Media: Slideshow

Upper Bremo Plantation

Bremo

The Bremo plantation house in Fluvanna County, which dates to about 1820, is a five-section Palladian mansion designed by its owner, John Hartwell Cocke, and John Neilson, a master craftsman who worked for Thomas Jefferson.

Original Author: John Hartwell Cocke and John Neilson

Created: ca. 1820

Medium: Photograph

Courtesy of Library of Congress Prints & Photographs Division

Stone Barn at Bremo

This unusual stone barn at Fluvanna County's Bremo plantation, which dates to about 1820, features a Tuscan portico and a central cupola. John Hartwell Cocke, the owner of Bremo, designed the plantation buildings with John Neilson, a master craftsman who worked for Thomas Jefferson.
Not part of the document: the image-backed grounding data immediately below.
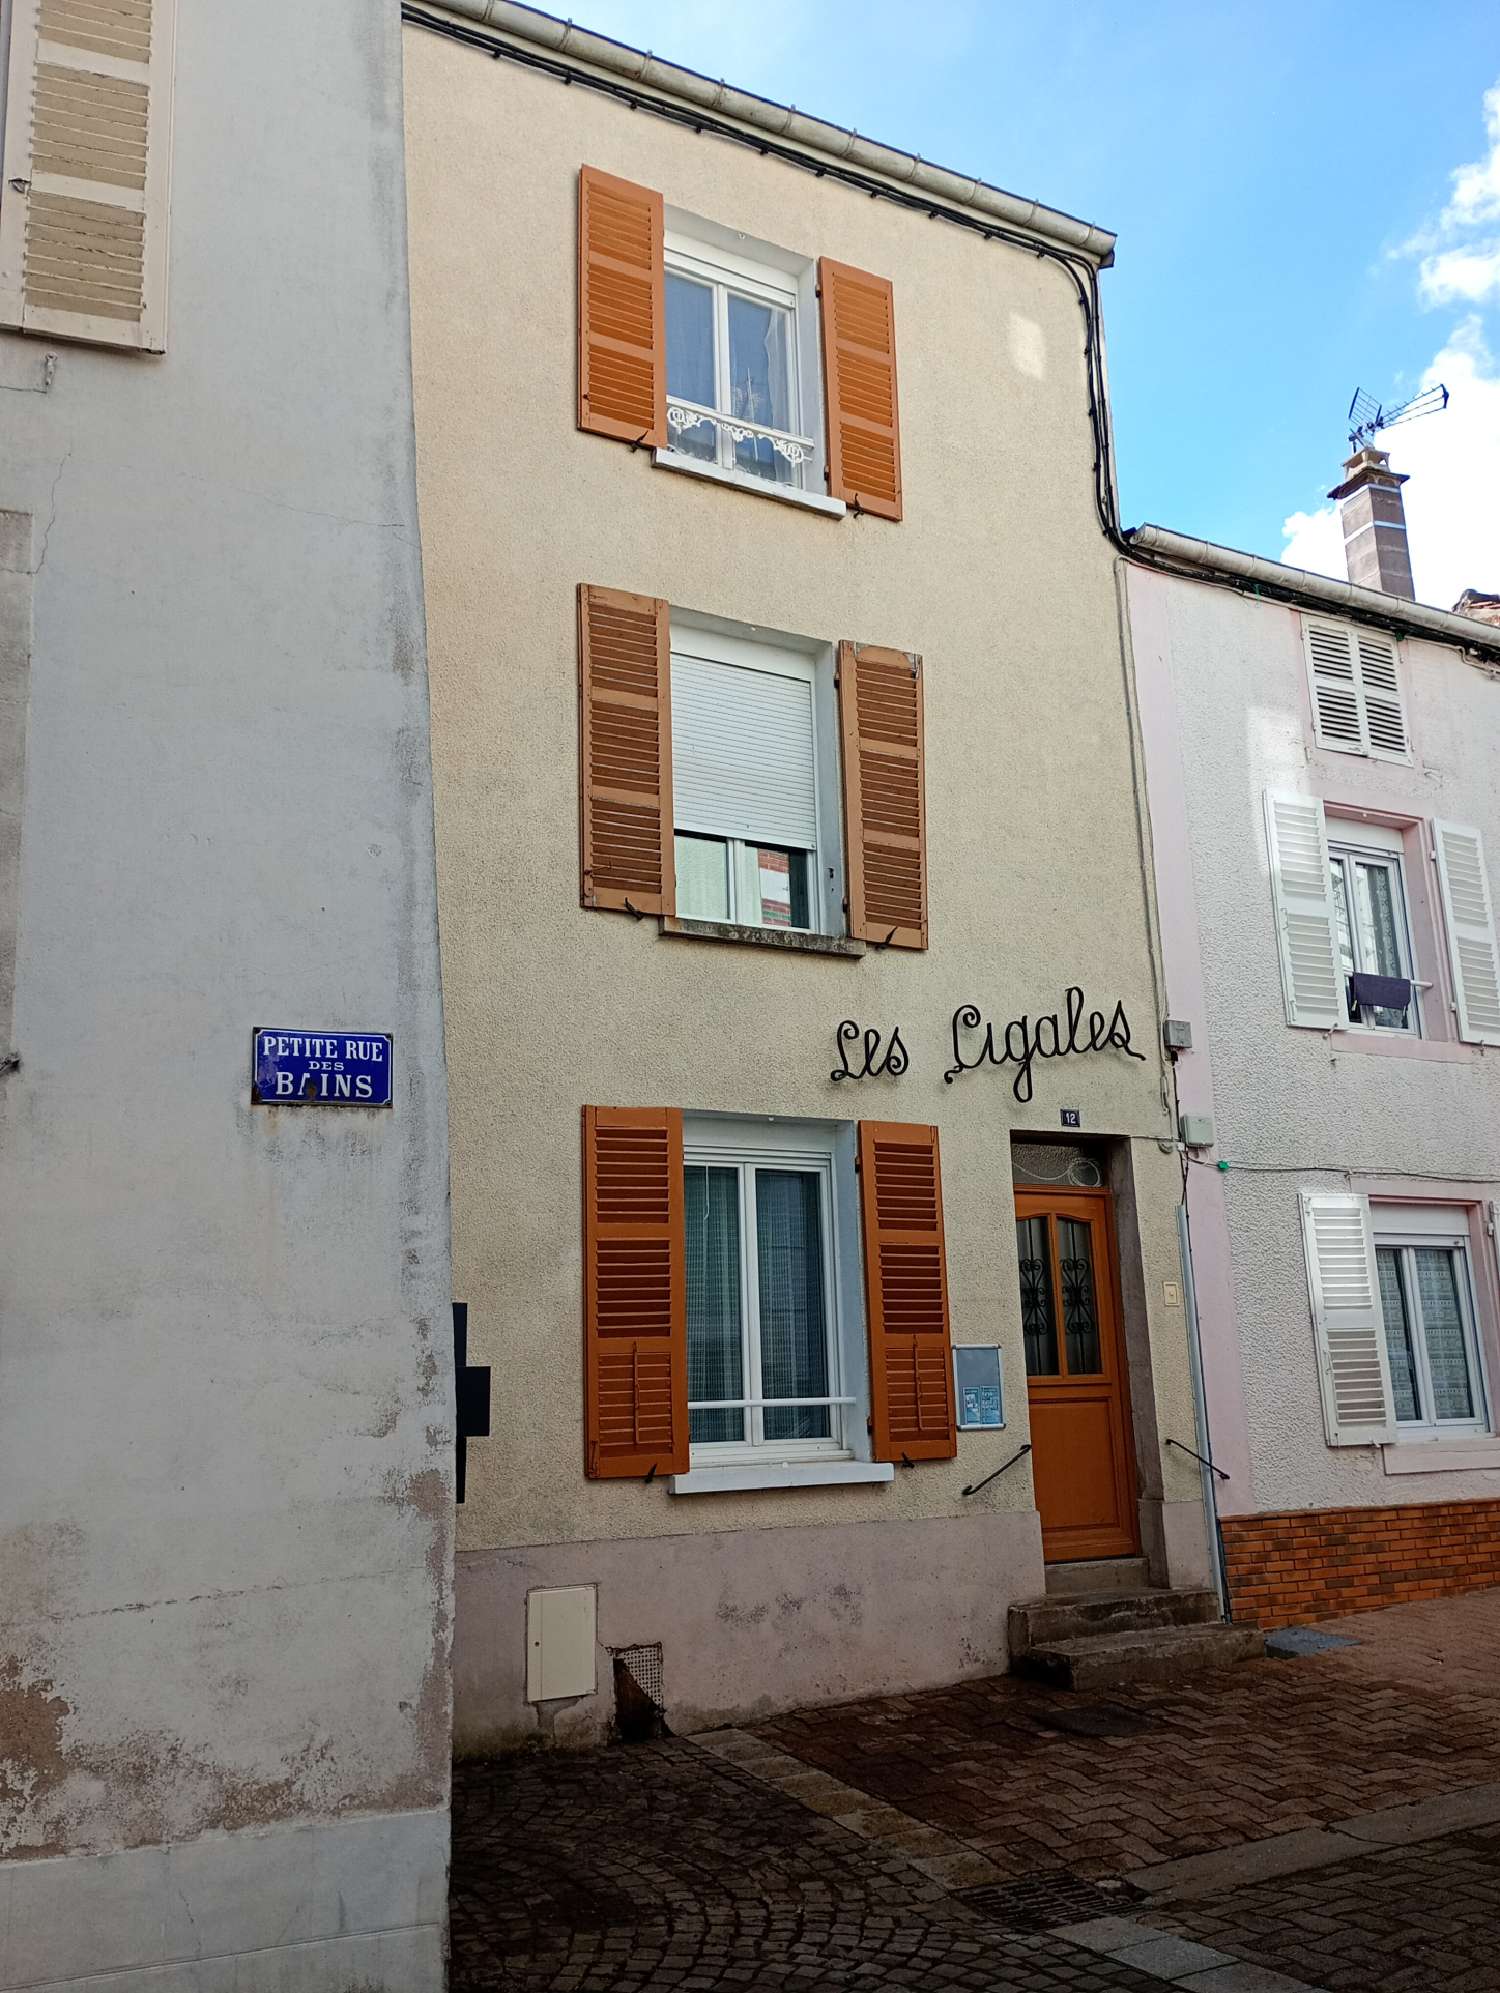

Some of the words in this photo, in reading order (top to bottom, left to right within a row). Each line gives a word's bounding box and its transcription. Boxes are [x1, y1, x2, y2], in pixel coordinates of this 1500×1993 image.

[263, 1035, 338, 1059] PETITE
[345, 1040, 383, 1062] RUE
[830, 1020, 909, 1082] Les
[943, 986, 1146, 1103] Cigales
[308, 1061, 345, 1071] DES
[1066, 1112, 1076, 1124] 12
This photograph was made by Frances Benjamin Johnston, a well-known photographer from Washington, D.C., who documented historic buildings and gardens throughout the South late in the 1920s and the 1930s as part of the Carnegie Survey of the Architecture of the South.
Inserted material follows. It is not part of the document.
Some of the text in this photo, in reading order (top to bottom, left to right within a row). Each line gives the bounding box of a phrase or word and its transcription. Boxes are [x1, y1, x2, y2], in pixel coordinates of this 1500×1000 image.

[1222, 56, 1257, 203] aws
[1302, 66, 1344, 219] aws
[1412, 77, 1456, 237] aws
Citation: Frances Benjamin Johnston Photographic Collection, Fiske Kimball Fine Arts Library, University of Virginia Libraries, Charlottesville, Va.

Original Author: Frances Benjamin Johnston

Created: 1929–1935

Medium: Photographic print

Courtesy of Fiske Kimball Fine Arts Library, University of Virginia

Floor Plan of Bremo

An engraved plan of Bremo, John Hartwell Cocke's plantation mansion on Bremo Bluff in Fluvanna County, gives a detailed rendering of the Palladian structure's ground floor rooms. The central living quarters are connected by roofed passageways to outlying wings. Cocke designed Bremo with John Neilson, a master craftsman who worked for Thomas Jefferson and helped build both Monticello and Montpelier. Cocke included a schoolhouse in the west outbuilding so that the enslaved children on the planation could be educated.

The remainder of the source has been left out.